The concept of Lego Serious Play underpins this short documentary made over a week, exploring the ways in which play can lever original thinking and problem solving - for aduts. Lego, of course, but also maggots, balloons and marshmallows are all toys of choice in this eye-opening reminder of the lesser-known values of playfulness.

 

Island Pride UK (2018, 9 mins, BBC)

Uncovering the hidden stories and closetted histories of LGBQT communities on the Isle of Wight through the eyes of several people involved in staging and performing this celebratory Pride event during the hot summer of 2018. Stories from the heart of ordinary citizens of all ages combine to produce laughter and tears.

 

Freedom to Speak Up Guardians (2019, 4 mins, Hampshire NHS Trust)

Short educational project to urge NHS hospital workers facing bullying and inappropriate behaviour to speak up and sort it out through a new national initiative.

 

Love Beyond Borders (2019, 13 mins, Vimeo)

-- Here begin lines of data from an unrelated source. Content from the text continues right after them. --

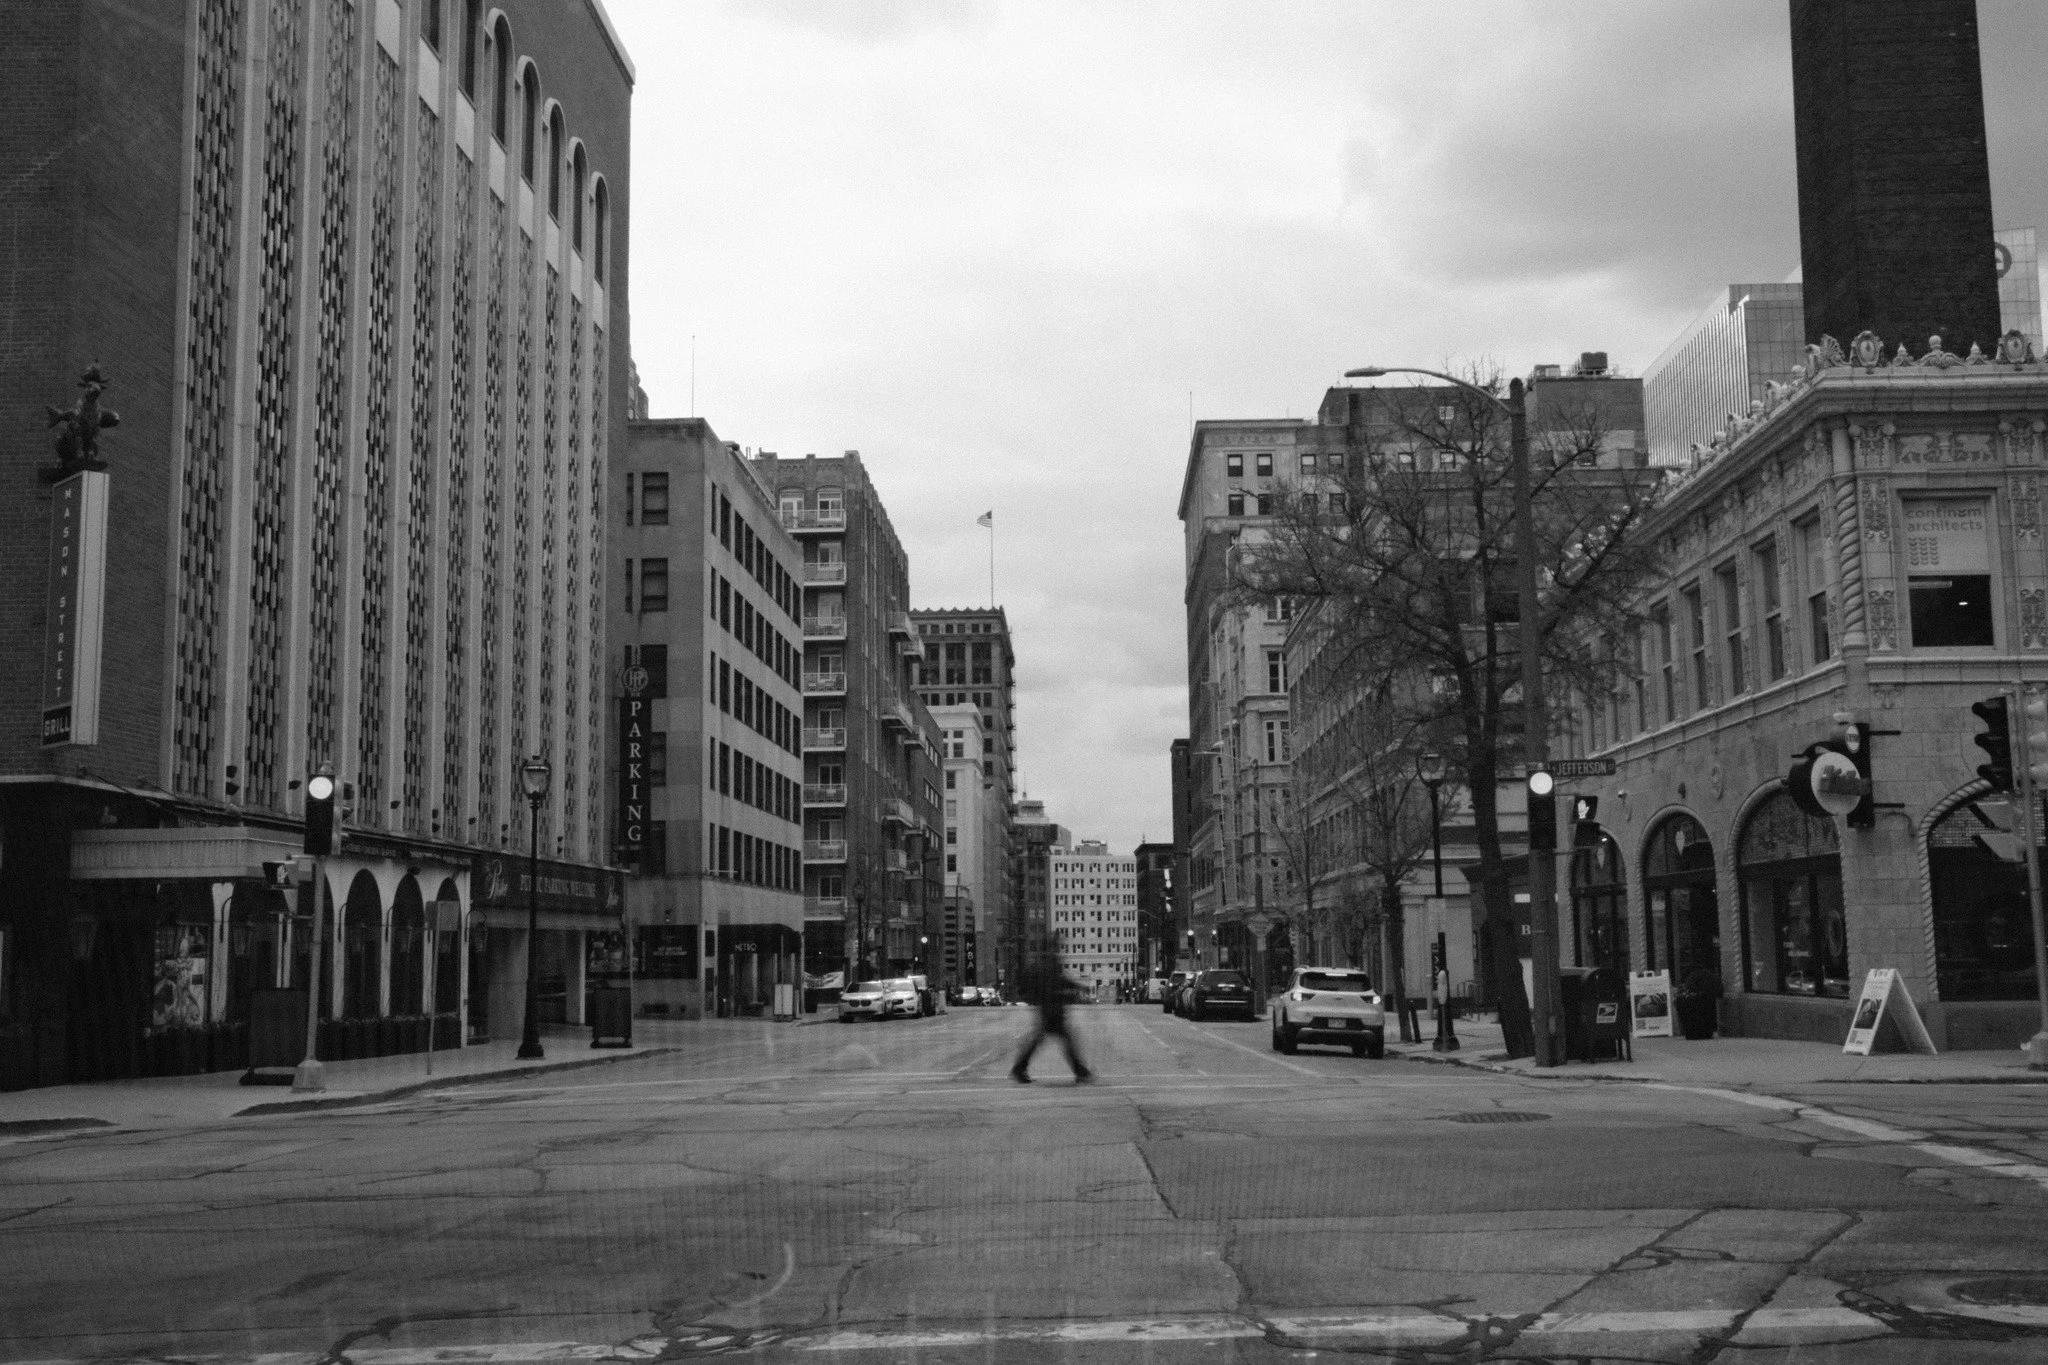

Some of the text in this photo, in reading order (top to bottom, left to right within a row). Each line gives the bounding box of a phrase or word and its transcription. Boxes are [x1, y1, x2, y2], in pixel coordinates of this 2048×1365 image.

[1907, 519, 1983, 532] architects
[56, 488, 72, 698] MASON STREET
[44, 716, 70, 736] GRILL
[627, 700, 643, 842] PARKING
[1556, 760, 1607, 776] JEFFERSON
[735, 942, 758, 952] METRO

Autobiographical documentary shot in Amsterdam and the UK, exploring identity, grief, loss and love. The timeline of the project encompasses the death of my mother and the Brexit referendum. Being half-Dutch, both challenged my sense of self and the film looks backwards and forwards simultaneously.

 

Showcase X-Plus (2019, 1 min. Cinema commercial)

Complicated multi-layered project telling the story of cinema and the arrival of 360 sound and X-Plus cinema projection in under a minute. With stunning audio design, VFX, archive manipulation and live action, the project packs its punch in widescreen.

 

Inside The World of Tinnitus (2020, 10 mins, BBC)

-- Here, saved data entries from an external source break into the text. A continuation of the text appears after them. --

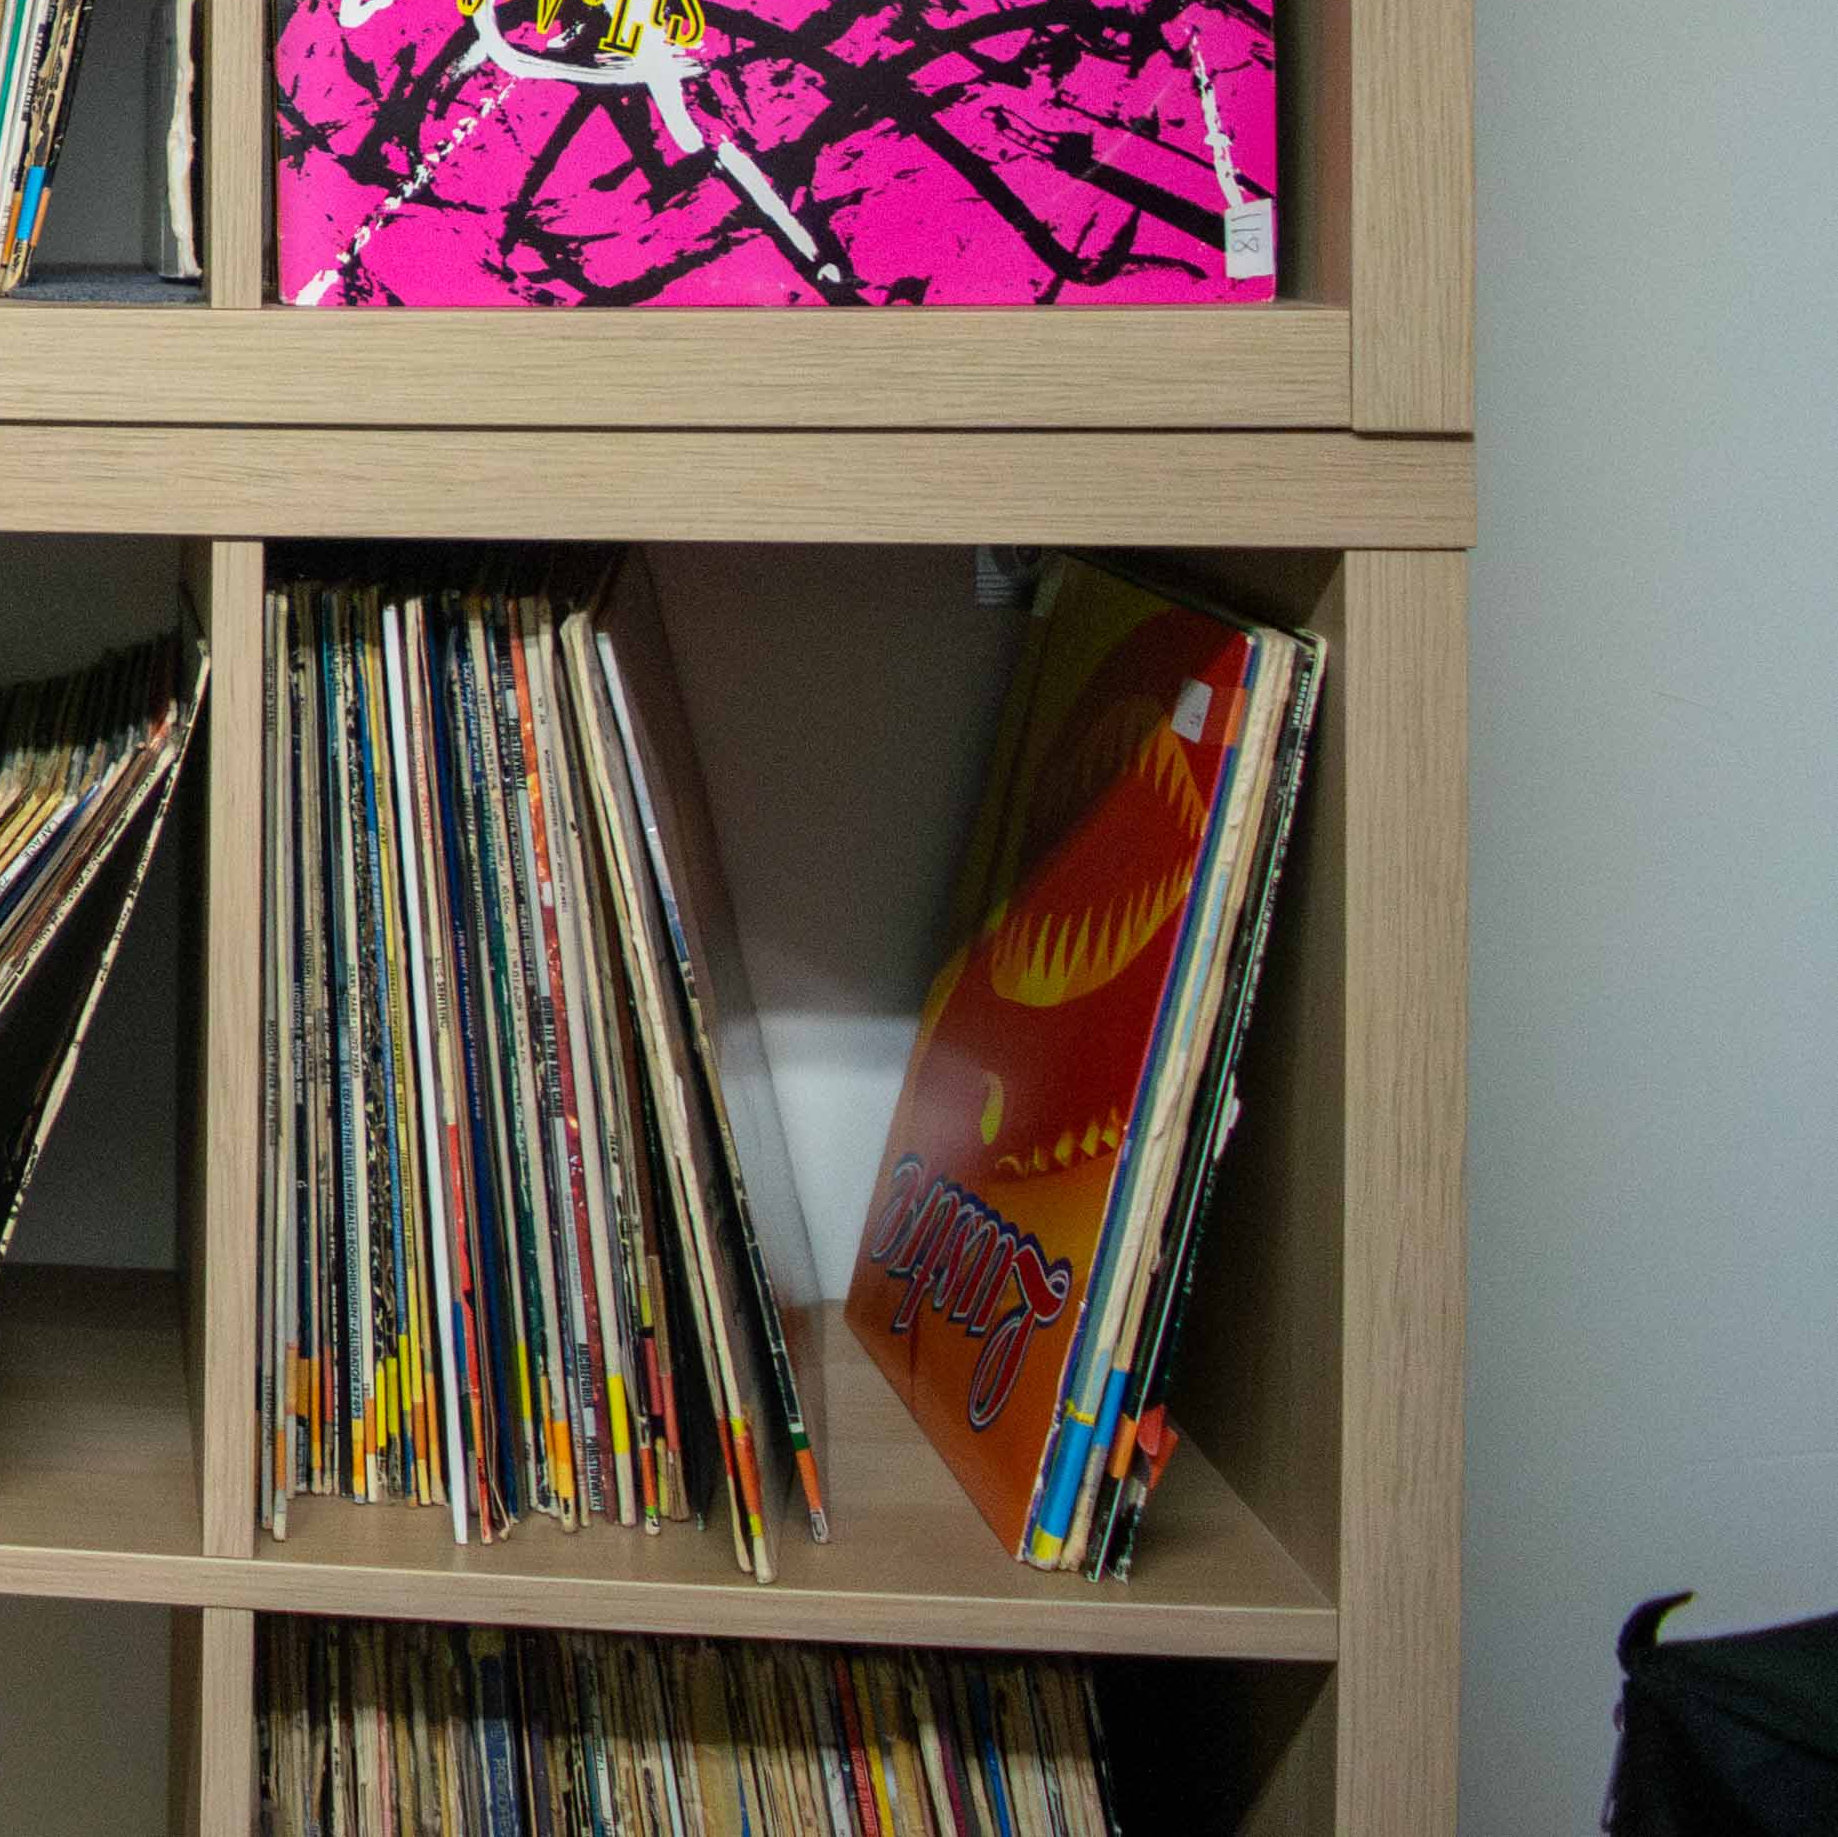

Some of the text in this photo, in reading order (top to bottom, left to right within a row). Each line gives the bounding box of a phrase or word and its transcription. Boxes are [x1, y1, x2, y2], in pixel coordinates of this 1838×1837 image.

[340, 1101, 352, 1124] AND
[340, 1126, 353, 1143] THE
[341, 1144, 354, 1177] BLUES
[342, 1179, 356, 1233] IMPERIALS
[348, 1327, 361, 1382] ALLIGATOR

Tinnitus is under researched yet increasingly prevalent amongst all ages, especially those involved in live music. Rupert Brown is an acclaimed drummer who has designed a unique soundscape therapy to help his own tinnitus. This documentary takes us with him as his 'cure' is dispensed to others including carpenter Anthony with surprising results.

 

Vectis Radio (2020, 10 mins, BBC Inside Out)
Telling the story of one of Isle of Wight's great success stories. Vectis Radio serves the island's listeners whilst empowering young people with additional needs to develop and present their own programmes. The radio station continues to win national recognition for its inspiring work.

Mental Health Stories (2021, 6 x 5 mins, NHS Solent Trust YouTube)

Directed and produced short intimate documentaries exploring how various treatments have worked with a range of mental health challenges such as depression, anxiety, schizophrenia, psychosis and trauma. The films - ultimately positive and encouraging - heard first hand accounts as to the effectiveness of treatments such as CBT and EMDR.

The Wave Project (2021, 1 x 5 mins, IOW High Sheriff Trust)

First of three short documentaries exploring mental health on Isle of Wight through 'sea therapy' a national project that harnesses the power of the ocean to tackle challenges faced by young people including grief, anxiety and crippling under-confidence.